**Exercise prompt**.
Please write out all the data exactly as shown.

**Study material**.
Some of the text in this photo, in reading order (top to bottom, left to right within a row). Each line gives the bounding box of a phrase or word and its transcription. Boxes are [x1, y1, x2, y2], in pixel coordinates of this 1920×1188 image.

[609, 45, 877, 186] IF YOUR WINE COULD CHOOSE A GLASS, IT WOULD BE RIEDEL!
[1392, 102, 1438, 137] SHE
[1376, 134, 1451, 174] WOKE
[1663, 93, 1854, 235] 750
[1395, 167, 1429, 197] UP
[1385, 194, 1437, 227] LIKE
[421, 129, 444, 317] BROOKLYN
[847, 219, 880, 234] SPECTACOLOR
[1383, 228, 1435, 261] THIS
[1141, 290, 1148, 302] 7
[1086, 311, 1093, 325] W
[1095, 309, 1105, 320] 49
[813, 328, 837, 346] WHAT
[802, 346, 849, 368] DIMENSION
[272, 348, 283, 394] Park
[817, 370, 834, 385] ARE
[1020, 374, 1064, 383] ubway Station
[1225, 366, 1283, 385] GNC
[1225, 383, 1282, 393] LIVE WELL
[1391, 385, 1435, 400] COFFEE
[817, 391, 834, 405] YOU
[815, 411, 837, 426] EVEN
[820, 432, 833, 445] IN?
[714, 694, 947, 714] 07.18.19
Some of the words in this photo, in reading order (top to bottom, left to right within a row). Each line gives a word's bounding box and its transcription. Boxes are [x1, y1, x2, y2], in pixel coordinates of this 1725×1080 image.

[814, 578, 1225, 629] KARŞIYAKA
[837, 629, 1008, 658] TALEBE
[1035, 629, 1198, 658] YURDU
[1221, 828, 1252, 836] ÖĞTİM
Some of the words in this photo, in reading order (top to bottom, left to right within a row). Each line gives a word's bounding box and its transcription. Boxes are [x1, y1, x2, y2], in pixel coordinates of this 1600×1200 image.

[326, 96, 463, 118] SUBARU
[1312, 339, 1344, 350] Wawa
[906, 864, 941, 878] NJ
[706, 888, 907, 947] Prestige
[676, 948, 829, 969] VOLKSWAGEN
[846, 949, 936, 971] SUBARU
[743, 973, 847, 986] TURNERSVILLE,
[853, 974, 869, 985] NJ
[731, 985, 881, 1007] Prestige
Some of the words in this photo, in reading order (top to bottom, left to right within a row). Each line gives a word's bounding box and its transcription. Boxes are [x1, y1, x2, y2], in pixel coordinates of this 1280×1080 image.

**Response**.
Some of the text in this photo, in reading order (top to bottom, left to right within a row). Each line gives the bounding box of a phrase or word and its transcription. Boxes are [x1, y1, x2, y2], in pixel coordinates of this 1920×1188 image.

[609, 45, 877, 186] IF YOUR WINE COULD CHOOSE A GLASS, IT WOULD BE RIEDEL!
[1392, 102, 1438, 137] SHE
[1376, 134, 1451, 174] WOKE
[1663, 93, 1854, 235] 750
[1395, 167, 1429, 197] UP
[1385, 194, 1437, 227] LIKE
[421, 129, 444, 317] BROOKLYN
[847, 219, 880, 234] SPECTACOLOR
[1383, 228, 1435, 261] THIS
[1141, 290, 1148, 302] 7
[1086, 311, 1093, 325] W
[1095, 309, 1105, 320] 49
[813, 328, 837, 346] WHAT
[802, 346, 849, 368] DIMENSION
[272, 348, 283, 394] Park
[817, 370, 834, 385] ARE
[1020, 374, 1064, 383] ubway Station
[1225, 366, 1283, 385] GNC
[1225, 383, 1282, 393] LIVE WELL
[1391, 385, 1435, 400] COFFEE
[817, 391, 834, 405] YOU
[815, 411, 837, 426] EVEN
[820, 432, 833, 445] IN?
[714, 694, 947, 714] 07.18.19
Some of the words in this photo, in reading order (top to bottom, left to right within a row). Each line gives a word's bounding box and its transcription. Boxes are [x1, y1, x2, y2], in pixel coordinates of this 1725×1080 image.

[814, 578, 1225, 629] KARŞIYAKA
[837, 629, 1008, 658] TALEBE
[1035, 629, 1198, 658] YURDU
[1221, 828, 1252, 836] ÖĞTİM
Some of the words in this photo, in reading order (top to bottom, left to right within a row). Each line gives a word's bounding box and its transcription. Boxes are [x1, y1, x2, y2], in pixel coordinates of this 1600×1200 image.

[326, 96, 463, 118] SUBARU
[1312, 339, 1344, 350] Wawa
[906, 864, 941, 878] NJ
[706, 888, 907, 947] Prestige
[676, 948, 829, 969] VOLKSWAGEN
[846, 949, 936, 971] SUBARU
[743, 973, 847, 986] TURNERSVILLE,
[853, 974, 869, 985] NJ
[731, 985, 881, 1007] Prestige
Some of the words in this photo, in reading order (top to bottom, left to right within a row). Each line gives a word's bounding box and its transcription. Boxes are [x1, y1, x2, y2], in pixel coordinates of this 1280×1080 image.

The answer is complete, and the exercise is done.